Using a combined setup of SE and QCM-D, covalent immobilization of SCoV2-WTS on the functionalized gold-coated sensor disk surface and interaction with the mAbs-SCoV2-RBD and pAbs-SCoV2-S kinetics were registered simultaneously and are presented in Figure 1.
The first step was covalent SCoV2-WTS immobilization of the 11-MUA functionalized surface (Figure 1A,D). This was followed by injection of a solution containing 66 nM of mAbs-SCoV2-RBD into a PBS solution.
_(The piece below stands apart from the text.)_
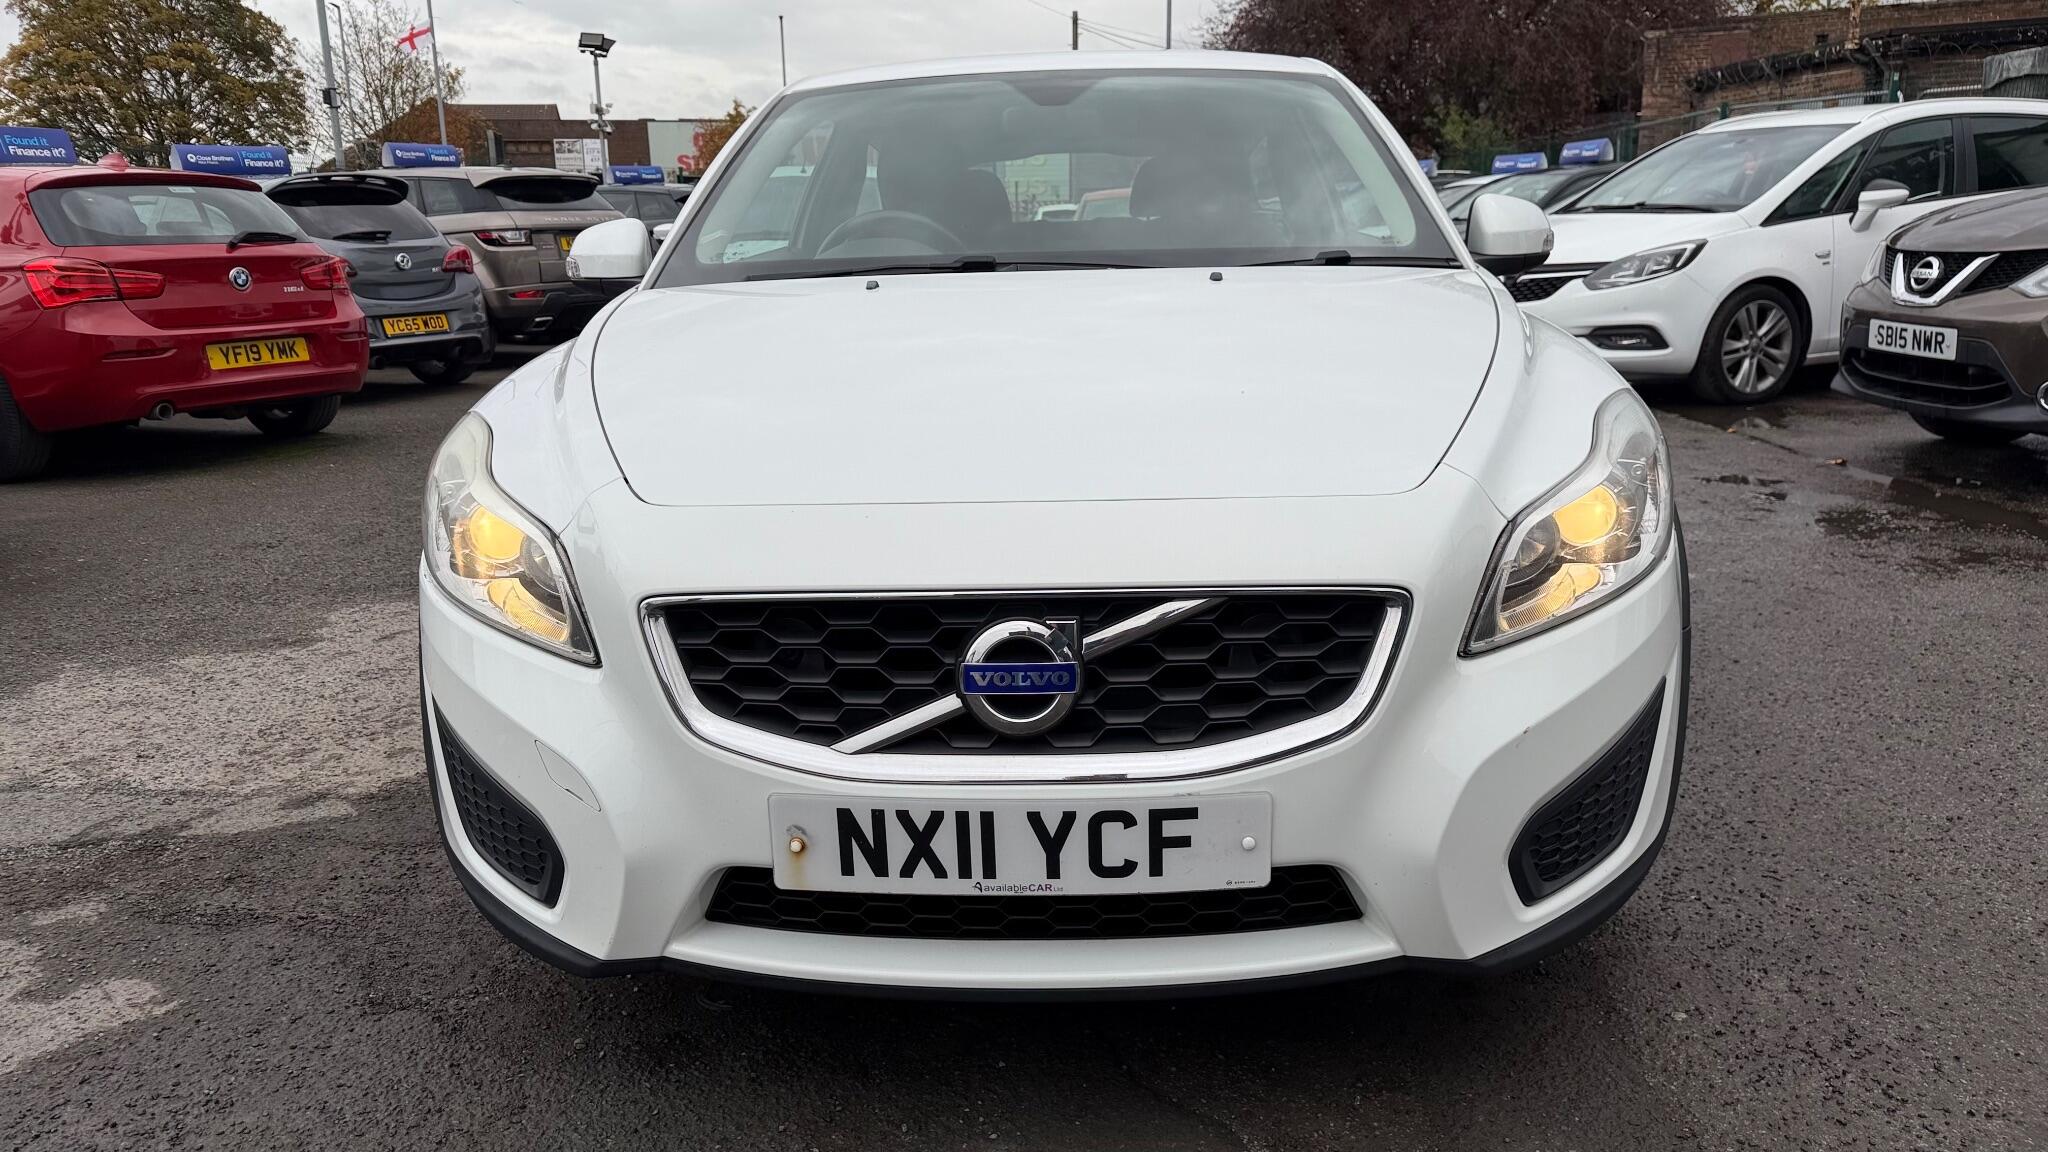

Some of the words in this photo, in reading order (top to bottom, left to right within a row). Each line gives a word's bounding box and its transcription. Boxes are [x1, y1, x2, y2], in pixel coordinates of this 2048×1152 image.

The interaction of monoclonal antibodies with SCoV2-WTS was established for 60 min and then followed by 10 min of washing with a PBS solution (Figure 1B,E). The mAbs-SCoV2-RBD monolayer was then removed by injecting regeneration solutions, and then washing it with a PBS solution. In the third step of the experiment, the convalescent human serum diluted with PBS solution 2.08 times was injected for 90 min into the measurement chamber (Figure 1C,F), and then the chamber was washed with PBS solution. The formed SCoV2-WTS layer on the functionalized gold-coated sensor disk surface expressed viscoelastic properties, as in this case, the ΔF7 change was 83.0 Hz (Figure 1A), and the ΔD7 change was 5.69 × 10−6 (Figure 1D), respectively. After SCoV2-WTS interaction with mAbs-SCoV2-RBD and mAbs-SCoV2-RBD/SCoV2-WTS immune complex formation, the ΔF7 was 15.8 Hz (Figure 1B) and ΔD7 was 0.9 × 10−6 (Figure 1E). When convalescent human serum containing pAbs-SCoV2-S was used for interaction with covalently immobilized SCoV2-WTS, the ΔF7 was 81.3 Hz (Figure 1C) and ΔD7 was 8.2 × 10−6 (Figure 1F), respectively. As in the case of SCoV2-WTS covalent immobilization and immune complex formation with pAbs-SCoV2-S ΔD > 1 × 10−6, the layers were further described as having viscoelastic properties and were characterized by applying a viscoelastic model [37]. The same experimental procedure was applied for covalent immobilization of SCoV2-αS (Figure 2A,D), which was followed by injecting a solution containing 66 nM of mAbs-SCoV2-RBD into the PBS solution and establishing interaction kinetics for 45 min (Figure 2B,E). As in the previous experiment, the final step after regeneration of the mAbs-SCoV2-RBD layer was the injection of diluted convalescent human serum for 90 min (Figure 2C,F).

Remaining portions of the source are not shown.